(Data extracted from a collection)
***

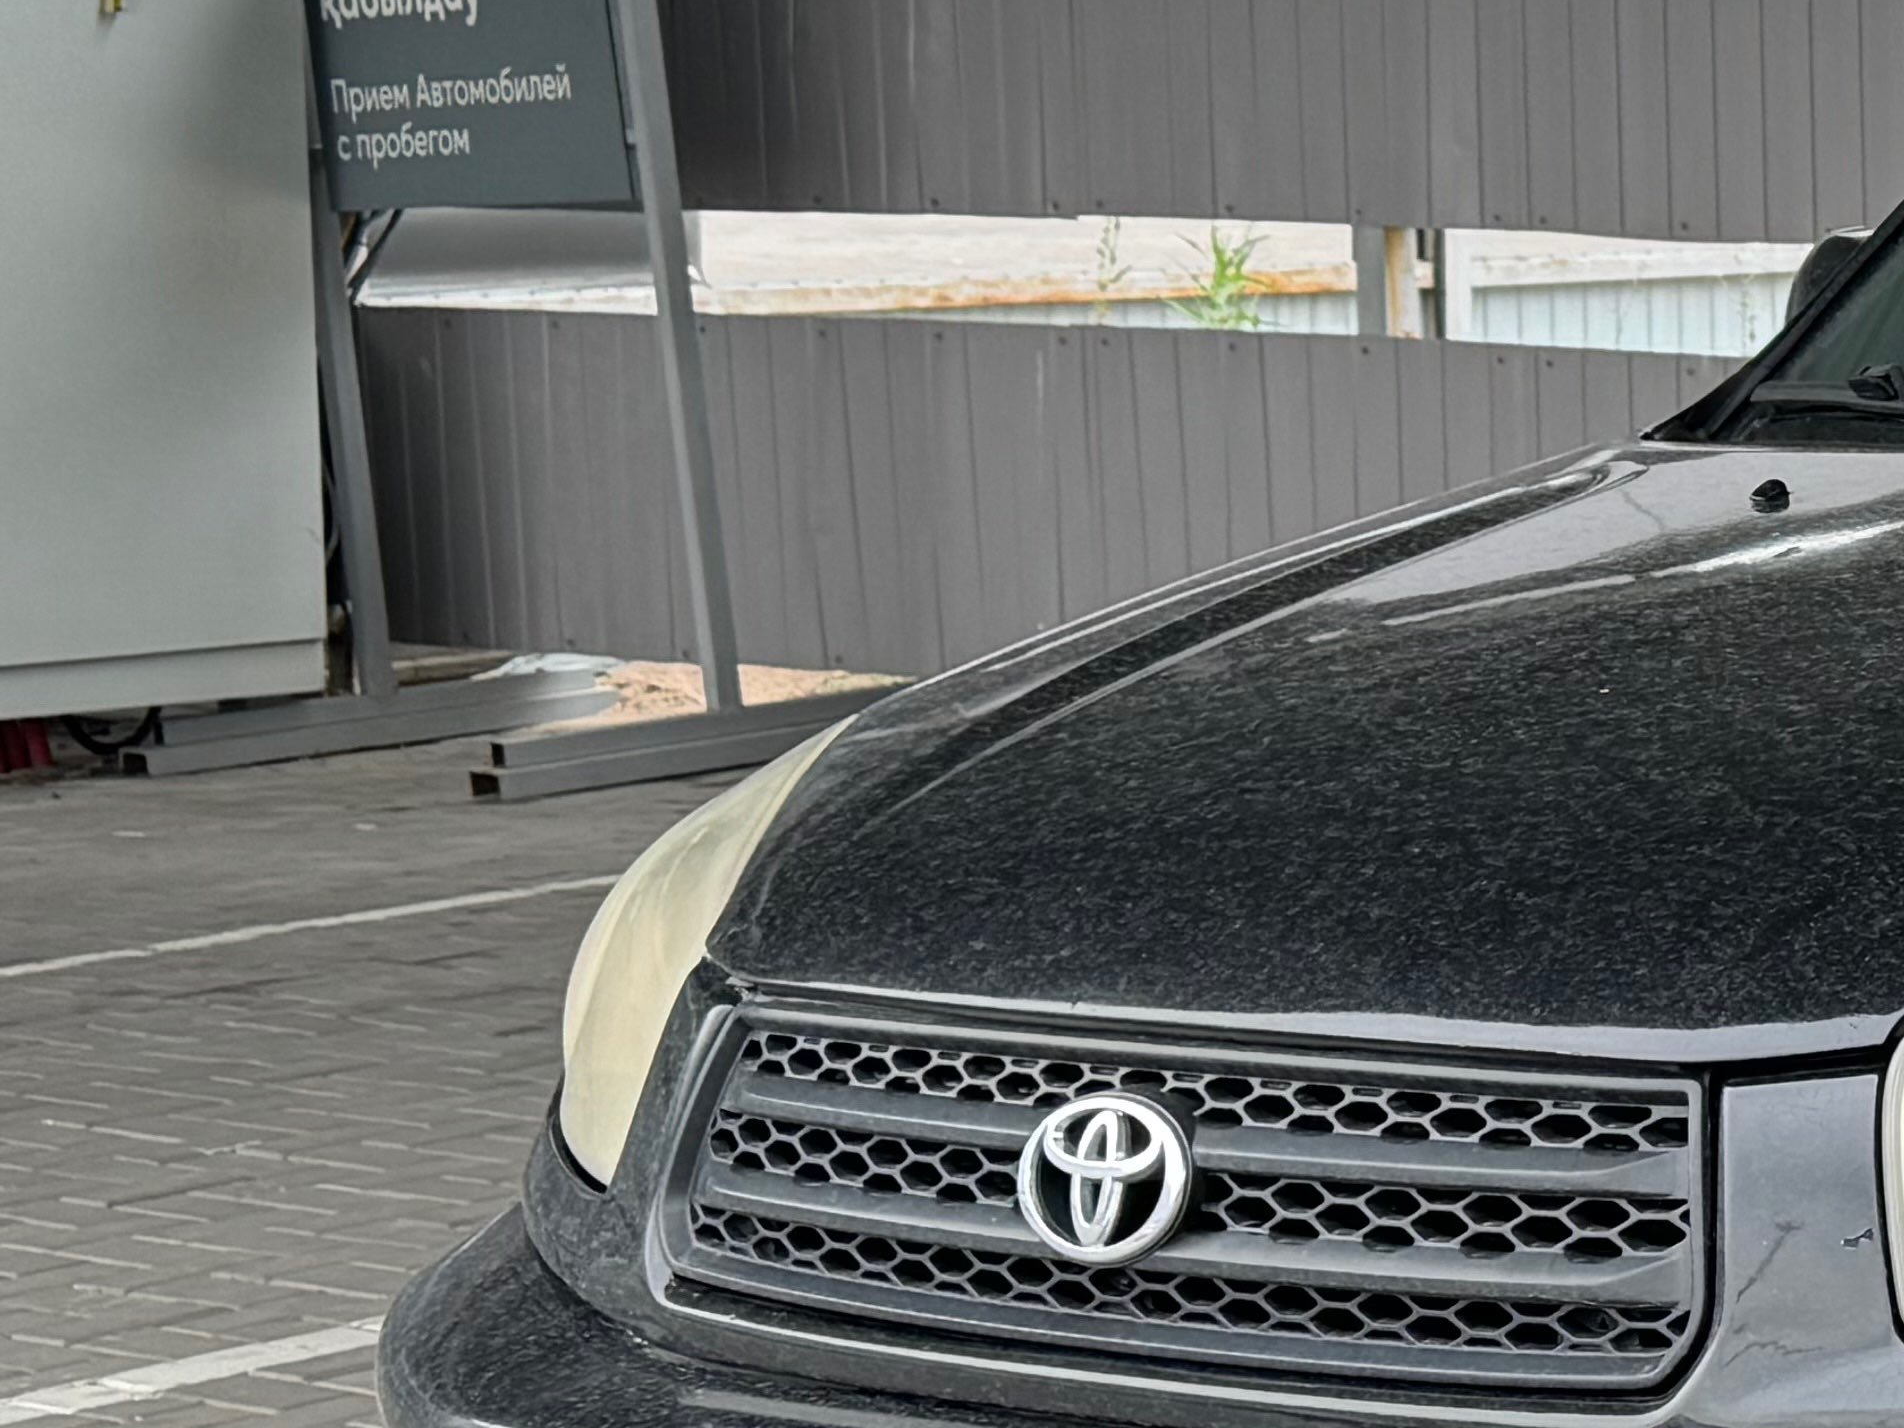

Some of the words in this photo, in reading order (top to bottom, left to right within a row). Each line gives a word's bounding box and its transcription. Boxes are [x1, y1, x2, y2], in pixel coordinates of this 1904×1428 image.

[330, 79, 409, 123] Прием
[416, 63, 572, 109] Автомобилей
[337, 134, 352, 161] с
[357, 121, 470, 170] пробегом

***

> HOW TO COMPLETE THIS TASK: Leave out the pictures and return every record word for word.

> TASK RESULT:
Some of the words in this photo, in reading order (top to bottom, left to right within a row). Each line gives a word's bounding box and its transcription. Boxes are [x1, y1, x2, y2], in pixel coordinates of this 1904×1428 image.

[330, 79, 409, 123] Прием
[416, 63, 572, 109] Автомобилей
[337, 134, 352, 161] с
[357, 121, 470, 170] пробегом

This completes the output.